Scientific classification
- Kingdom: Plantae
- Clade: Tracheophytes
- Clade: Angiosperms
- Clade: Eudicots
- Clade: Asterids
- Order: Asterales
- Family: Asteraceae
- Genus: Artemisia
- Species: A. pycnocephala
- Binomial name: Artemisia pycnocephala DC.
- Synonyms: Artemisia pachystachya DC.; Artemisia pycnostachya Torr. & A.Gray; Oligosporus pycnocephalus Less.;

= Artemisia pycnocephala =

- Genus: Artemisia
- Species: pycnocephala
- Authority: DC.
- Conservation status: G4
- Synonyms: Artemisia pachystachya DC., Artemisia pycnostachya Torr. & A.Gray, Oligosporus pycnocephalus Less.

Species of flowering plant

Artemisia pycnocephala is a North American species of sagebrush in the sunflower family, known by the common names beach wormwood, sandhill sage, and coastal sagewort.

This plant is native to the western United States coastline extending from central Oregon to southern California.

==Description==
It is a leafy perennial wormwood forming clumps about 50 cm (20 inches) in height.

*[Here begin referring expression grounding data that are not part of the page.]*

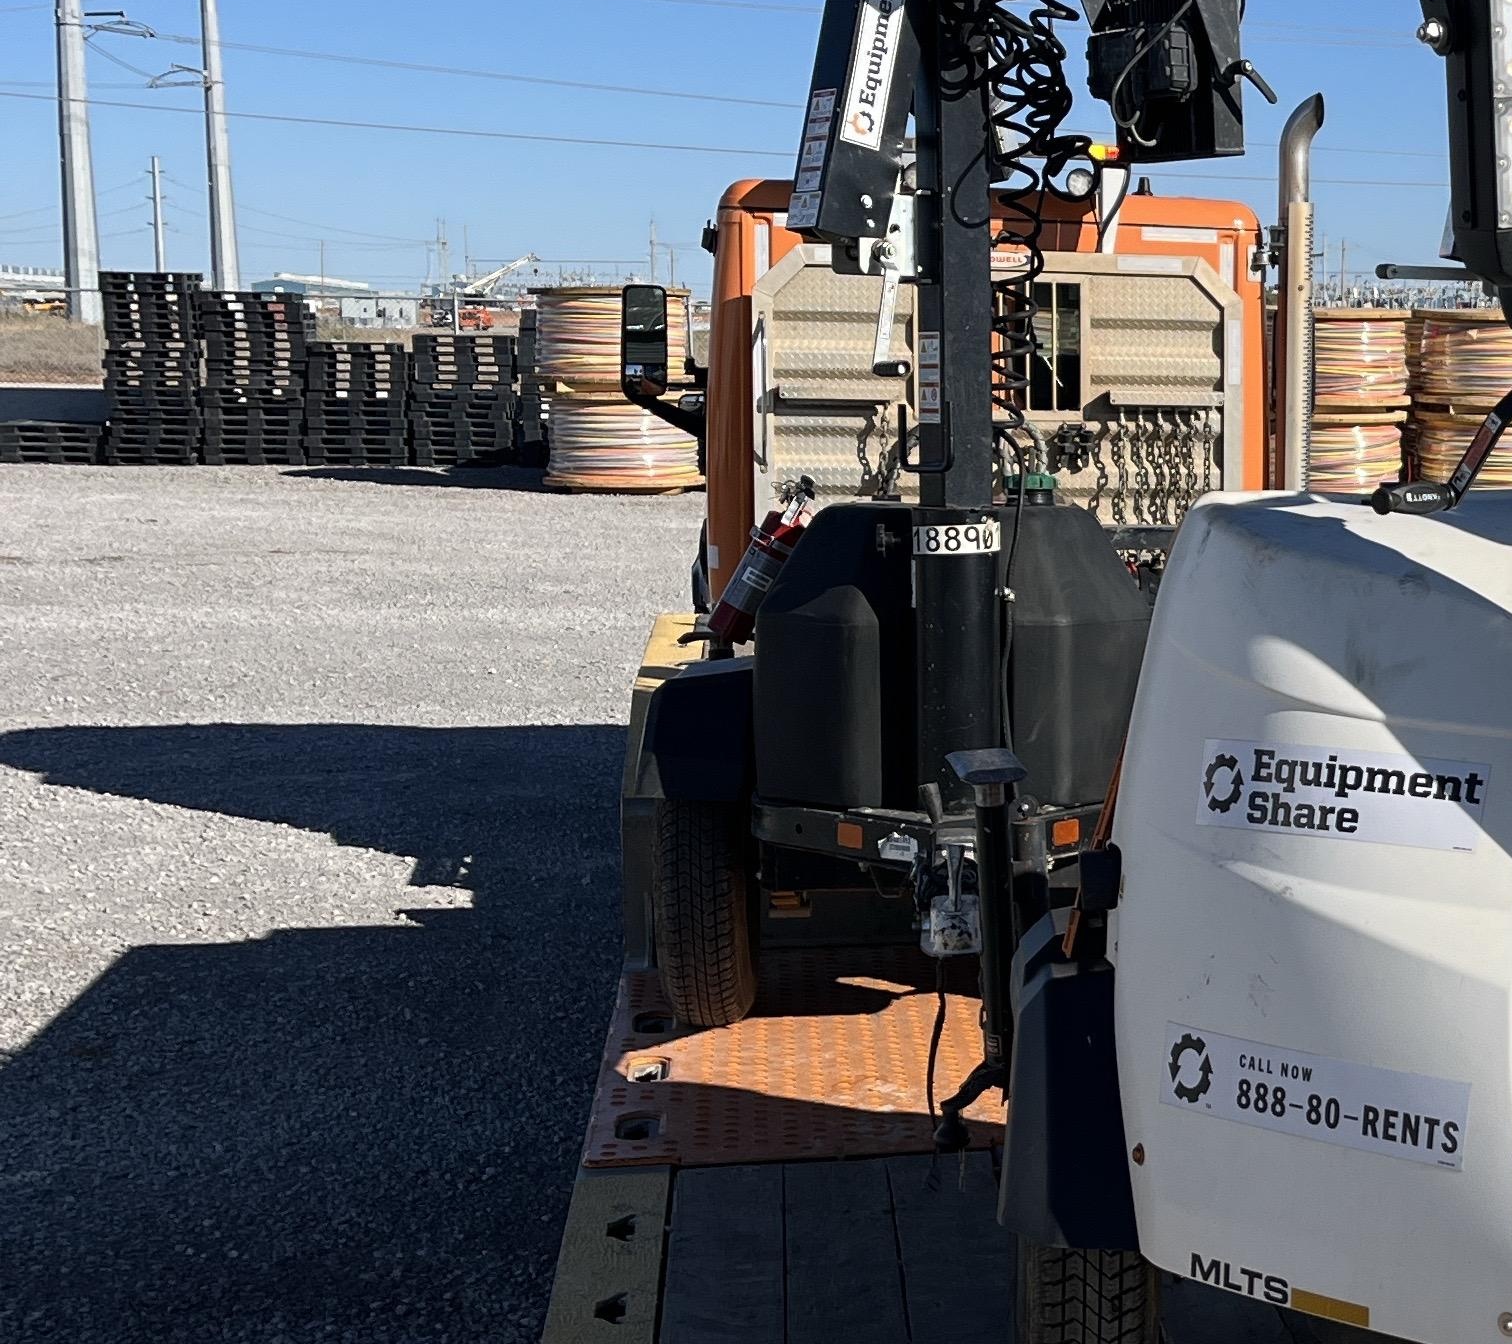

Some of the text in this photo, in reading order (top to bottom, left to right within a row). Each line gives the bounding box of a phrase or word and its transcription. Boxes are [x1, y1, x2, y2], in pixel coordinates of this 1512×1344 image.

[1250, 748, 1484, 805] Equipment
[1246, 790, 1360, 834] Share
[1239, 1053, 1313, 1083] CALL NOW
[1236, 1078, 1460, 1154] 888-80-RENTS
[1191, 1252, 1289, 1305] MLTS

It extends erect stems covered in dense foliage which ranges in color from light green to nearly white. The fuzzy inflorescences are studded with small lobular leaves and rounded yellowish flower buds. The plant is aromatic but much less so than are other wormwoods.

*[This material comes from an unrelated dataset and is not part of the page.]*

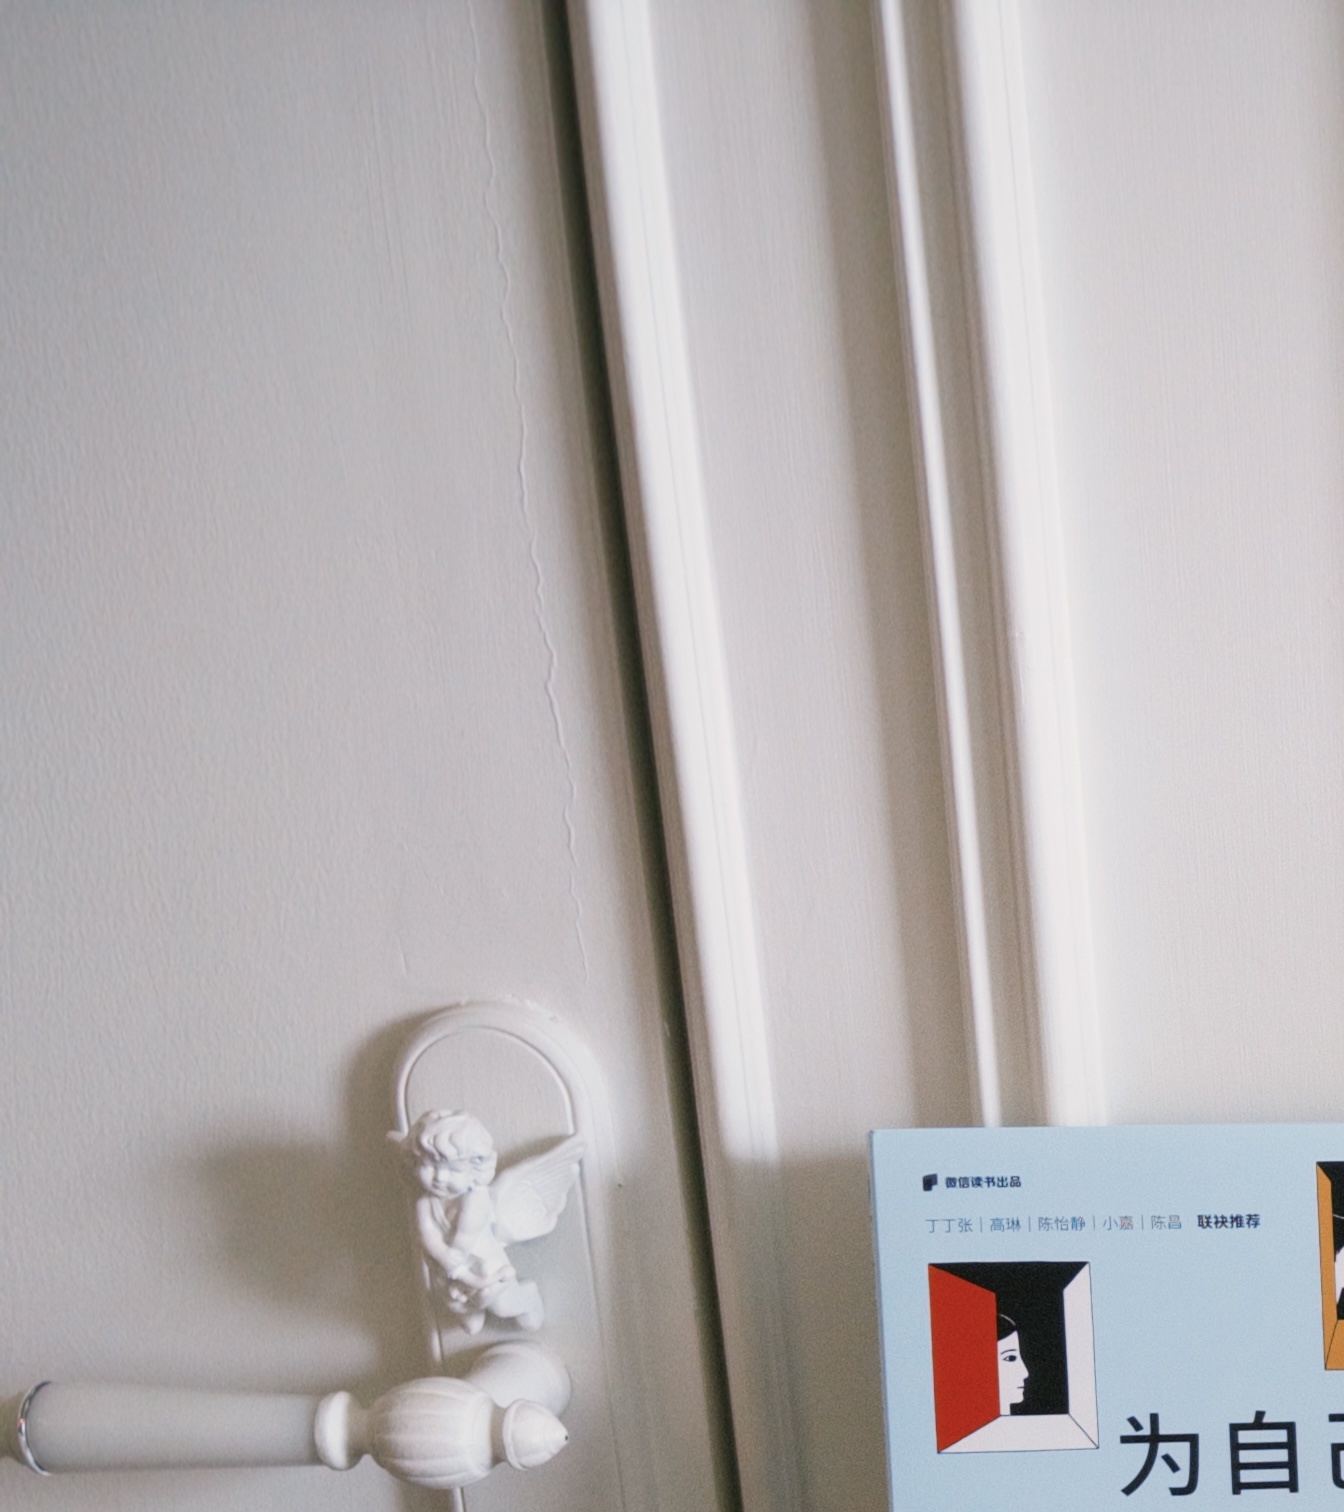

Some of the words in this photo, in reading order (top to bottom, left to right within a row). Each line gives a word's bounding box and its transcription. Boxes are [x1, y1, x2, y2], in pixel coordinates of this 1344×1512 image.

==Plant community and distribution==
Artemisia pycnocephala is native to Oregon's and California's coastal strand plant community where it enjoys rocky and sandy soil. According to The University of California, Berkeley and Jepson Herbaria, this plant prefers to grow under 200 m. The plant's range within the State of California stretches primarily from Del Norte County to San Luis Obispo County, with isolated populations reported from Los Angeles and San Diego Counties.